Chatty, amiable first novel set in Alamogordo (``Rocket City'') New Mexico. Storywriter Alpert (Best of the West 5, etc.) offers two modestly skewed love affairs here. First, there's that of art- therapist Marilee Levitay, 25, a likable, ordinary woman who quits her job to chase after her boyfriend, a New Age twerp who works for the Air Force in Alamogordo. On her way across the White Sands Missile Range, she picks up a hitchhiker named Enoch, a dwarf who can walk only with crutches. Nothing could be more unlikely than an affair between these two, so, naturally, Alpert skewers the boyfriend, and after several gentle adventures, Marilee and Enoch have a wild night. Second, there's 40-year-old Louis T. Figman, a hypochondriac who works in LA as an insurance adjuster. He deals exclusively with ``accidental death and dismemberment'' but has managed to keep his emotional distance through the years, until one day he's involved in an accident himself.

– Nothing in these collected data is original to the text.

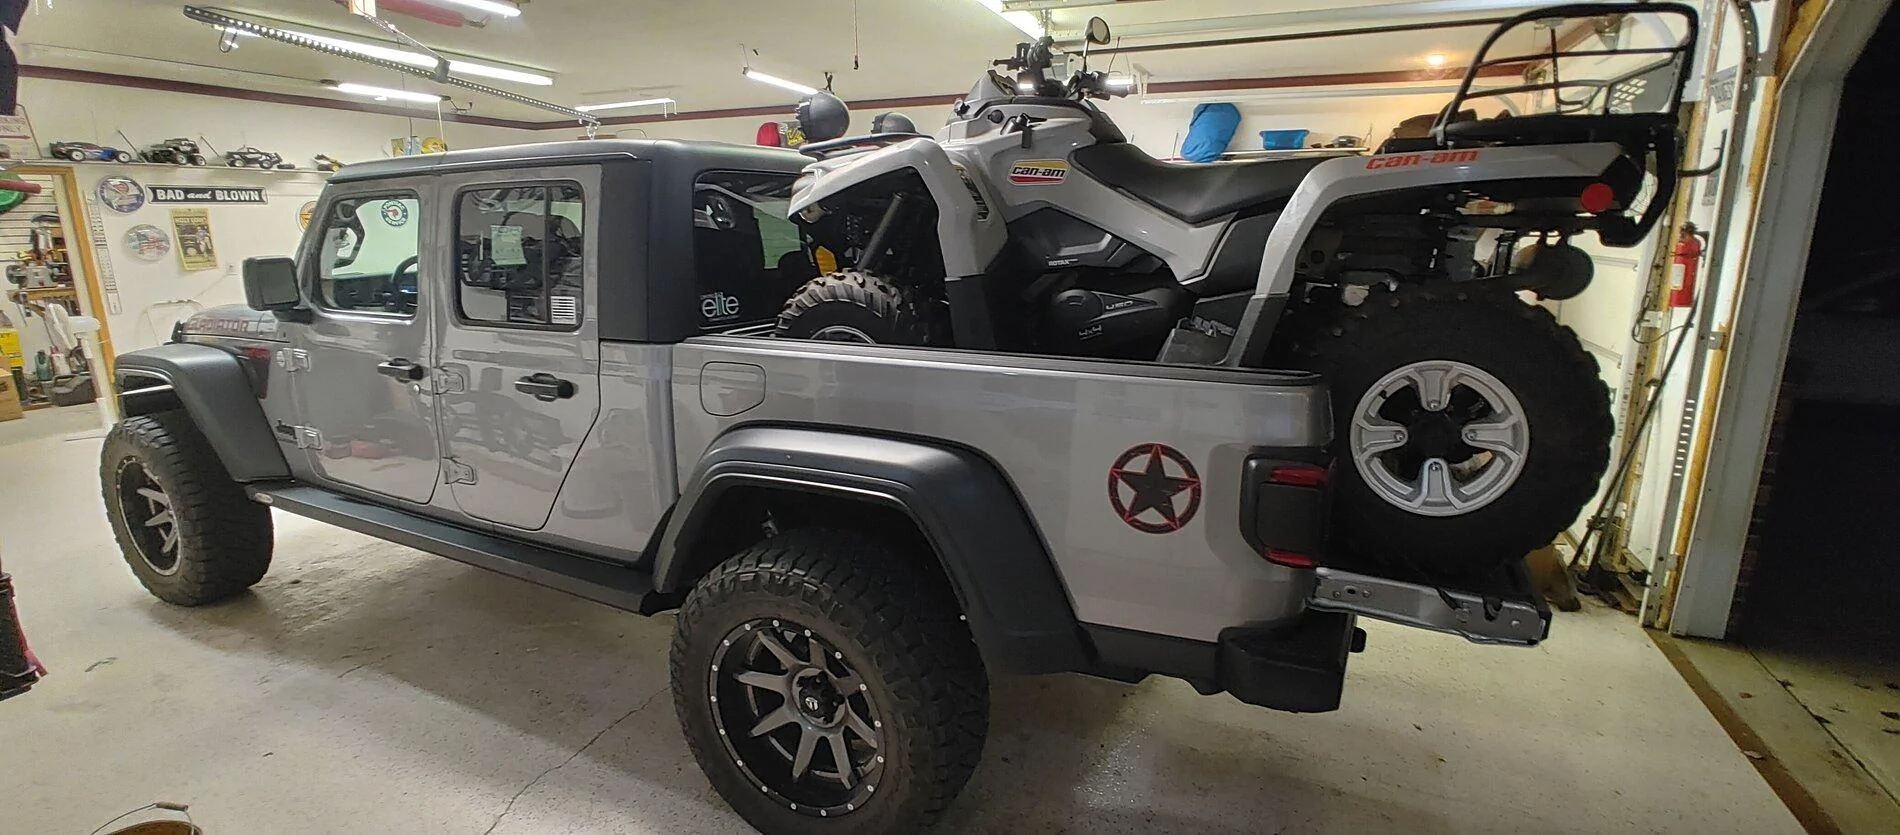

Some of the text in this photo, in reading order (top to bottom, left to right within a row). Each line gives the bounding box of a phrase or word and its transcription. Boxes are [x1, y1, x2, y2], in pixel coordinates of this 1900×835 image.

[1366, 150, 1479, 170] can-am
[1012, 166, 1066, 177] can-am
[156, 189, 260, 201] BAD and BLOWN
[702, 292, 739, 318] elite
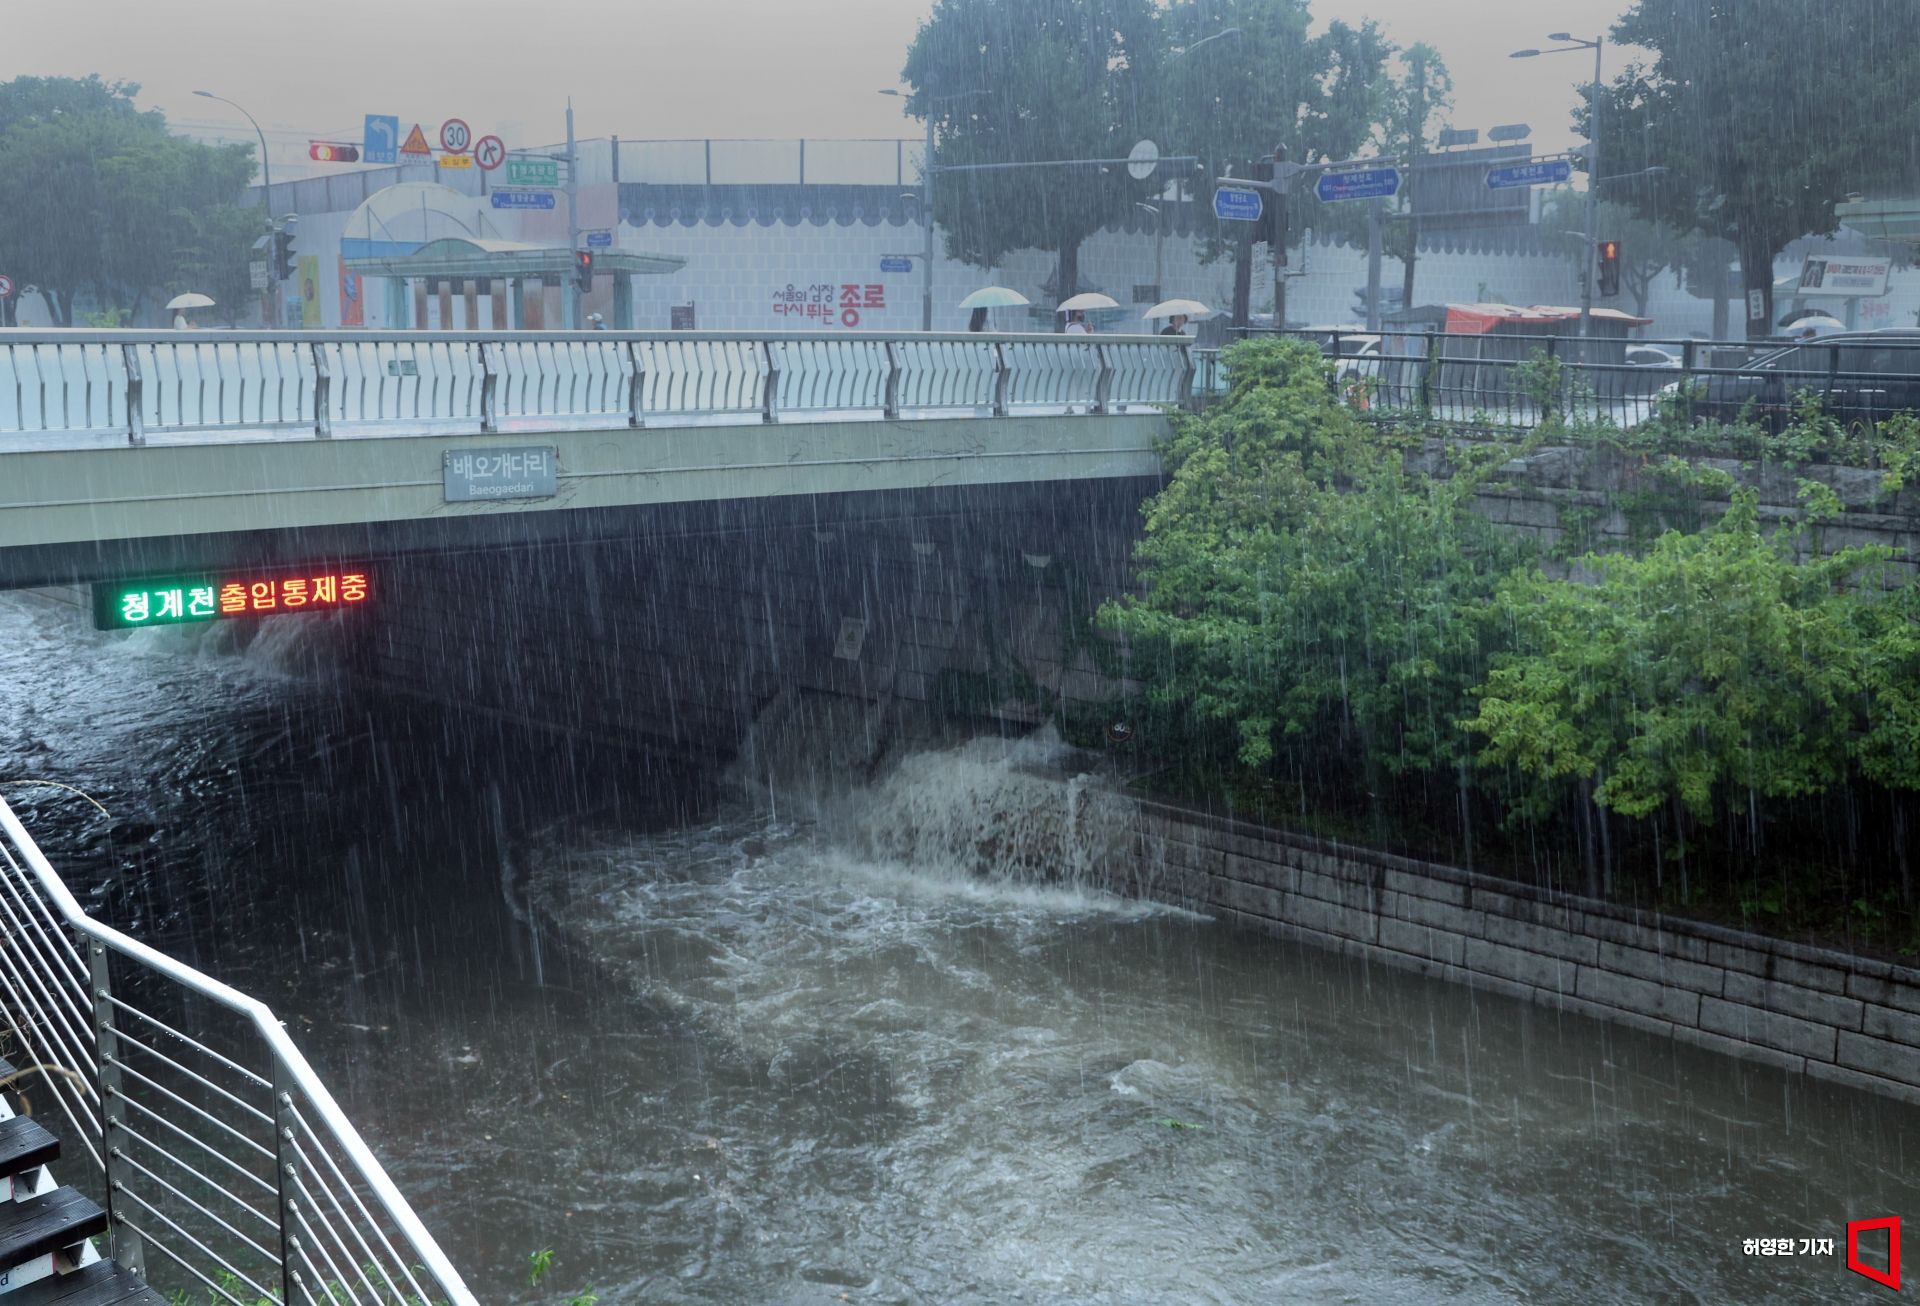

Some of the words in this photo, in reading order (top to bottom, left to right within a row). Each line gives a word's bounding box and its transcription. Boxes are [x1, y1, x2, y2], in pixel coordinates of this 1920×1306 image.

Simultaneously, Figman has convinced himself that he's dying, and, under an assumed name, he flees to Alamogordo, where he attempts, amusingly, to become a painter. He grows lonely and chases after a 20-year-old grocery clerk—who turns out to be as banal as the reader suspects she will—when right under his nose, with a salty older woman, true love awaits. Alpert crosses the two storylines just once, in a bar scene with a host of dwarves that brings to mind Katherine Dunn's Geek Love. Meanwhile, she runs her character all over the New Mexico backcountry but does little with rockets, military life, or the heritage of the atomic bomb. And her moral is exactly this profound: Love is where you find it. Still, boy-meets-girl never grows old, and, particularly with the ridiculous Figman, newcomer Alpert strikes a pleasing tone.